Первой место Прекрасной Дамы в жизни Блока заняла Любовь Менделеева. Воздушная Офелия с золотыми волосами ниже колен, с таким невинным выражением нежного полудетского лица, которое трогало всех, кто ее знал. Внешность Менделеевой была олицетворением Прекрасной Дамы из далекого прошлого, прекрасных легенд и высоких философских теорий. Блок, как никто чуткий к красоте и искавший физический символ идеала, обожествлял эту юную девушку.
Они вместе играли в Гамлете: он — помешавшегося принца, она — его печальную возлюбленную. Блок и в жизни продолжал играть Принца, который нашел свою Даму сердца и славит ее в стихах, фантазиях, мечтах. Дама же, ответив взаимностью (Блок и Менделеева поженились), не смогла сделать своего Принца счастливым.
При всей своей картинной внешности Любовь оставалась обыкновенной молодой, здоровой девушкой, со сложившимся характером и четкими представлениями о супружеской жизни. Символизм и прочие романтические страсти были хороши для нее на сцене, а не в собственной спальне. Супружество не сложилось. Блок, убедившись, что его жена далека от идеала, который он воспевал в своих стихах, продолжил поиски Прекрасной Дамы. Менделеева, тоже меняя любовников, увлеклась актерским искусством.
Стихи Блока сразу отвели ему особое место в литературных кругах.
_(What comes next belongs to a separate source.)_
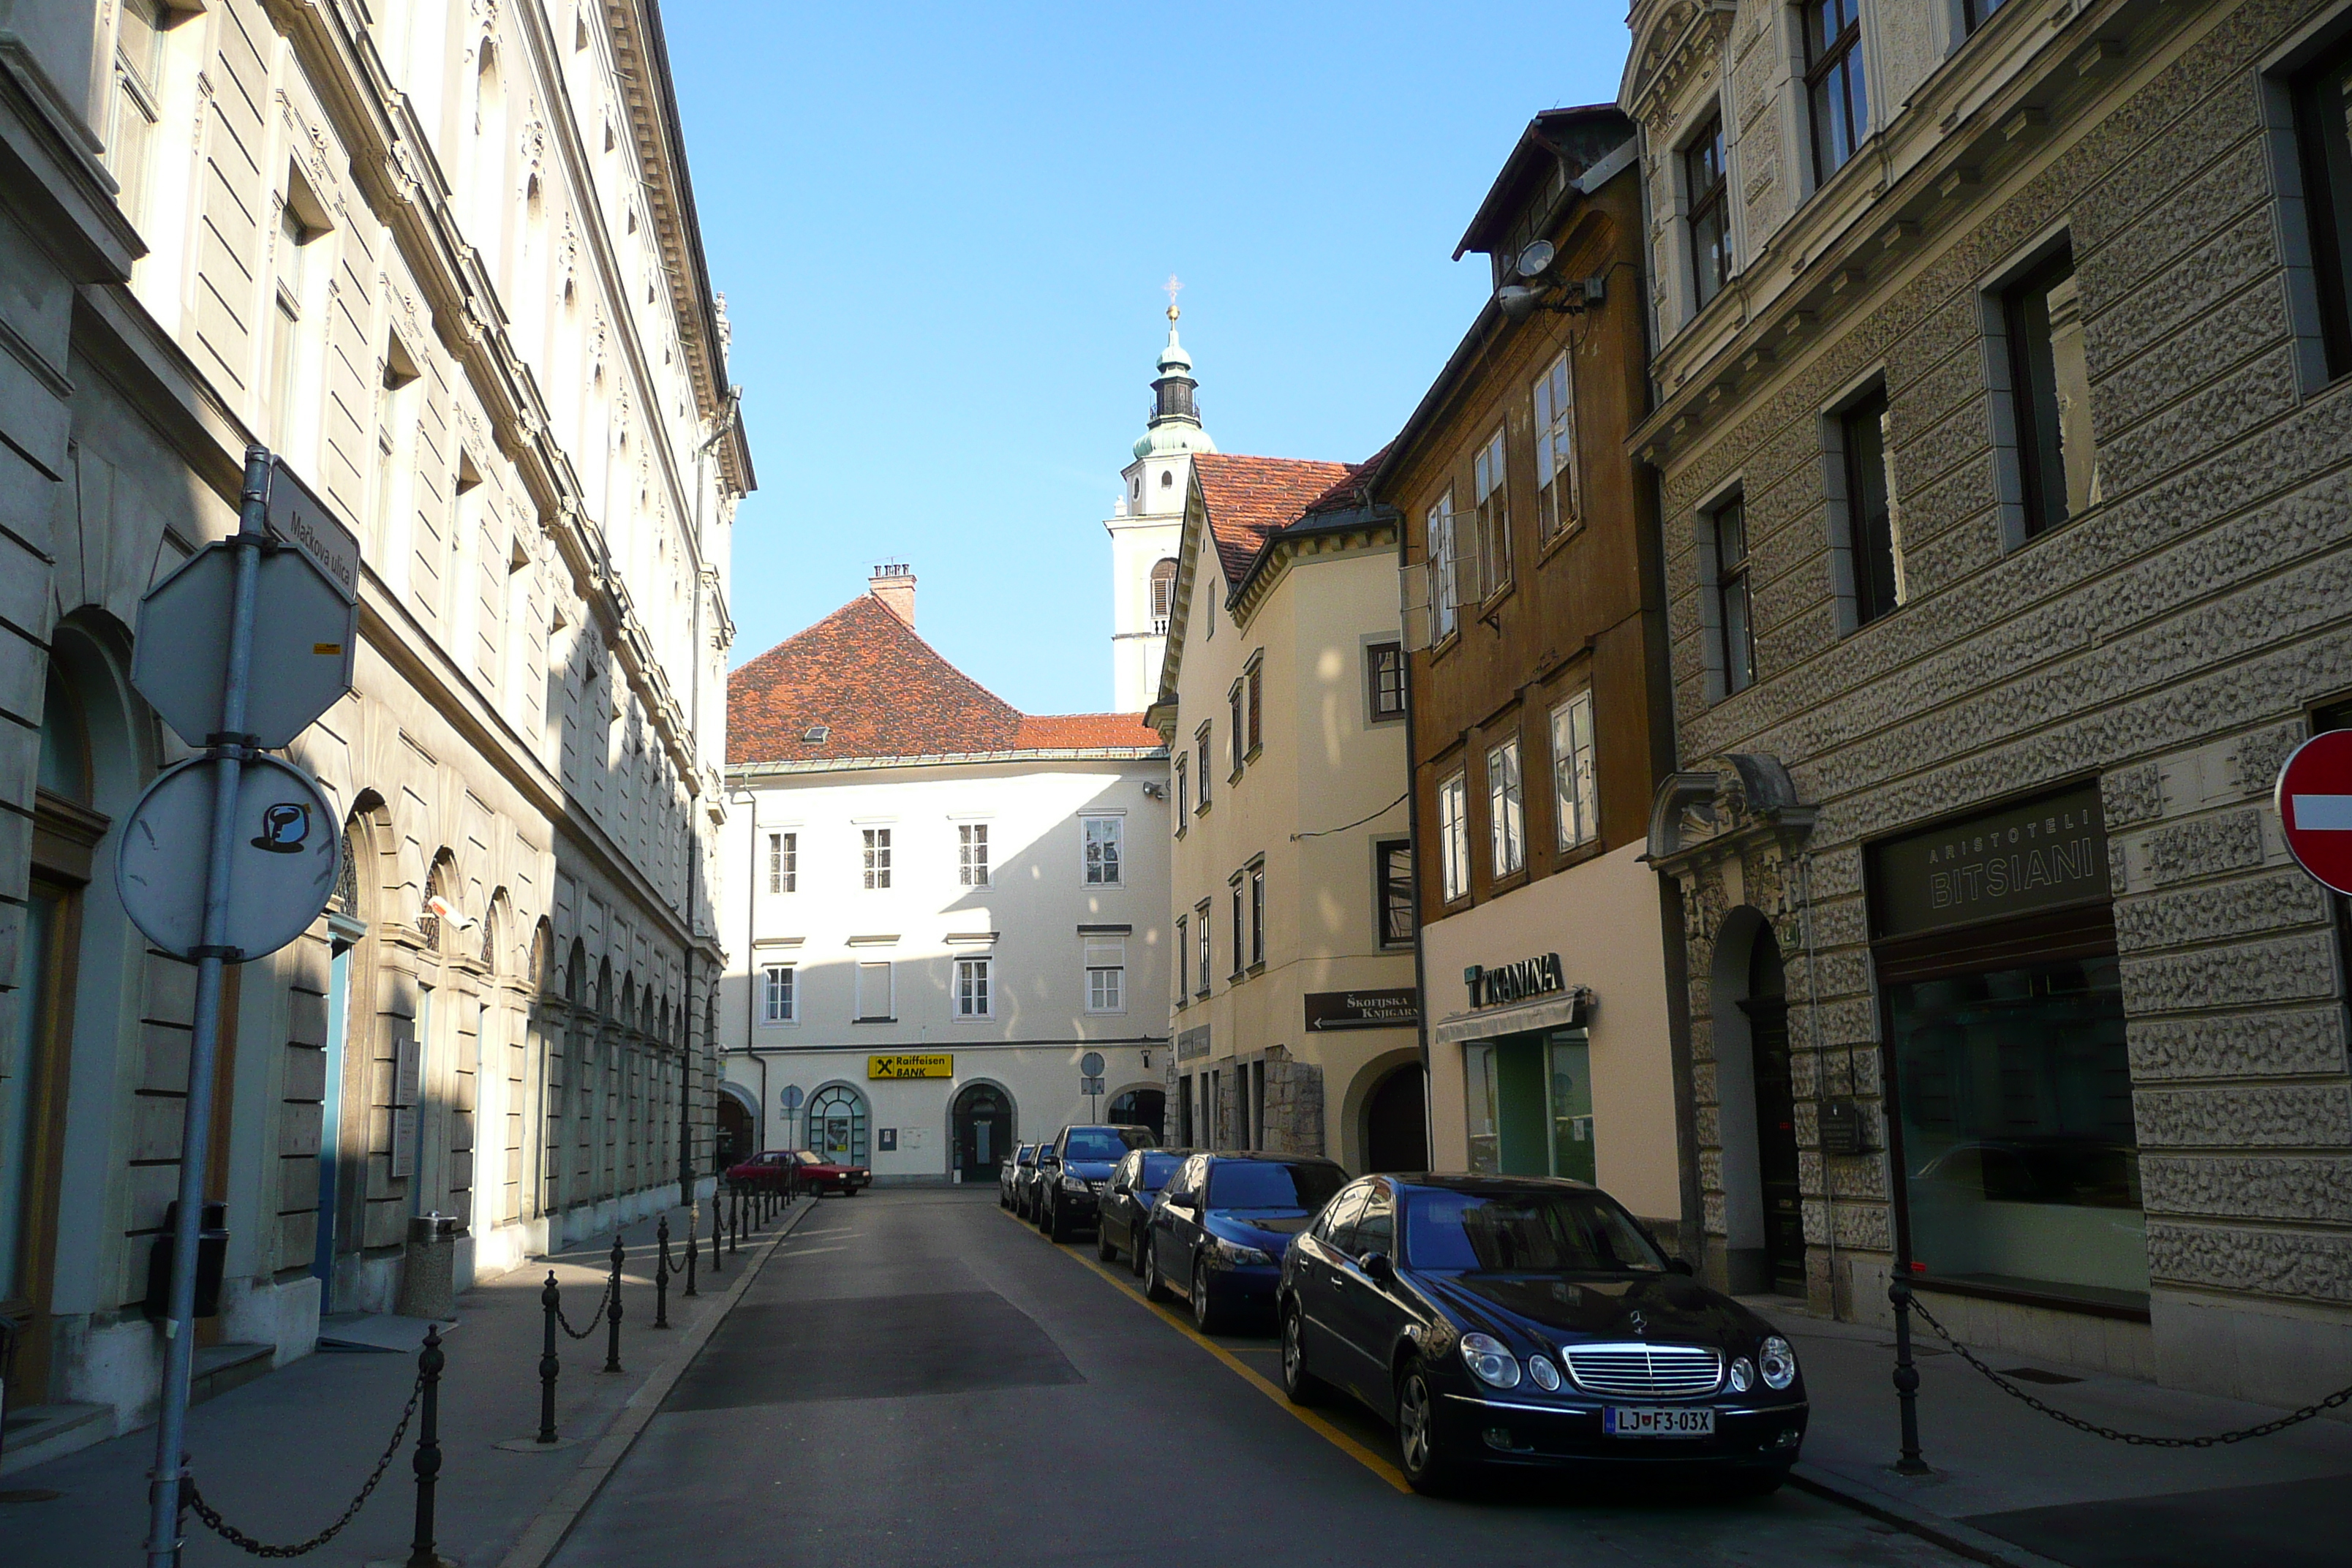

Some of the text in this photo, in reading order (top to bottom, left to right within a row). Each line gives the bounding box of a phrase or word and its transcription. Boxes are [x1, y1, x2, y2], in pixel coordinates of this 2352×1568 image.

Ни у кого не возникало сомнения, что Блок — поэт особенный. За это его ужасно не любил Николай Гумилев, который всегда тайно (а иной раз и явно) завидовал славе и признанию Блока. Поэты, по праву считавшиеся самыми основными фигурами литературной жизни своей эпохи, практически не общались и всегда были холодны друг с другом. Но именно Блок после расстрела Гумилева открыто говорил о нем, как о самом недооцененном и талантливом своем современнике.
Многие из тех, кто любил Блока, впоследствии не могли ему простить того, что он принял революцию. Особенно кощунственной для них выглядела поэма «Двенадцать». И то, что поэма была произведением талантливым настолько, что от ее чтения мурашки бежали по коже, вызывало только еще большие осуждения с их стороны.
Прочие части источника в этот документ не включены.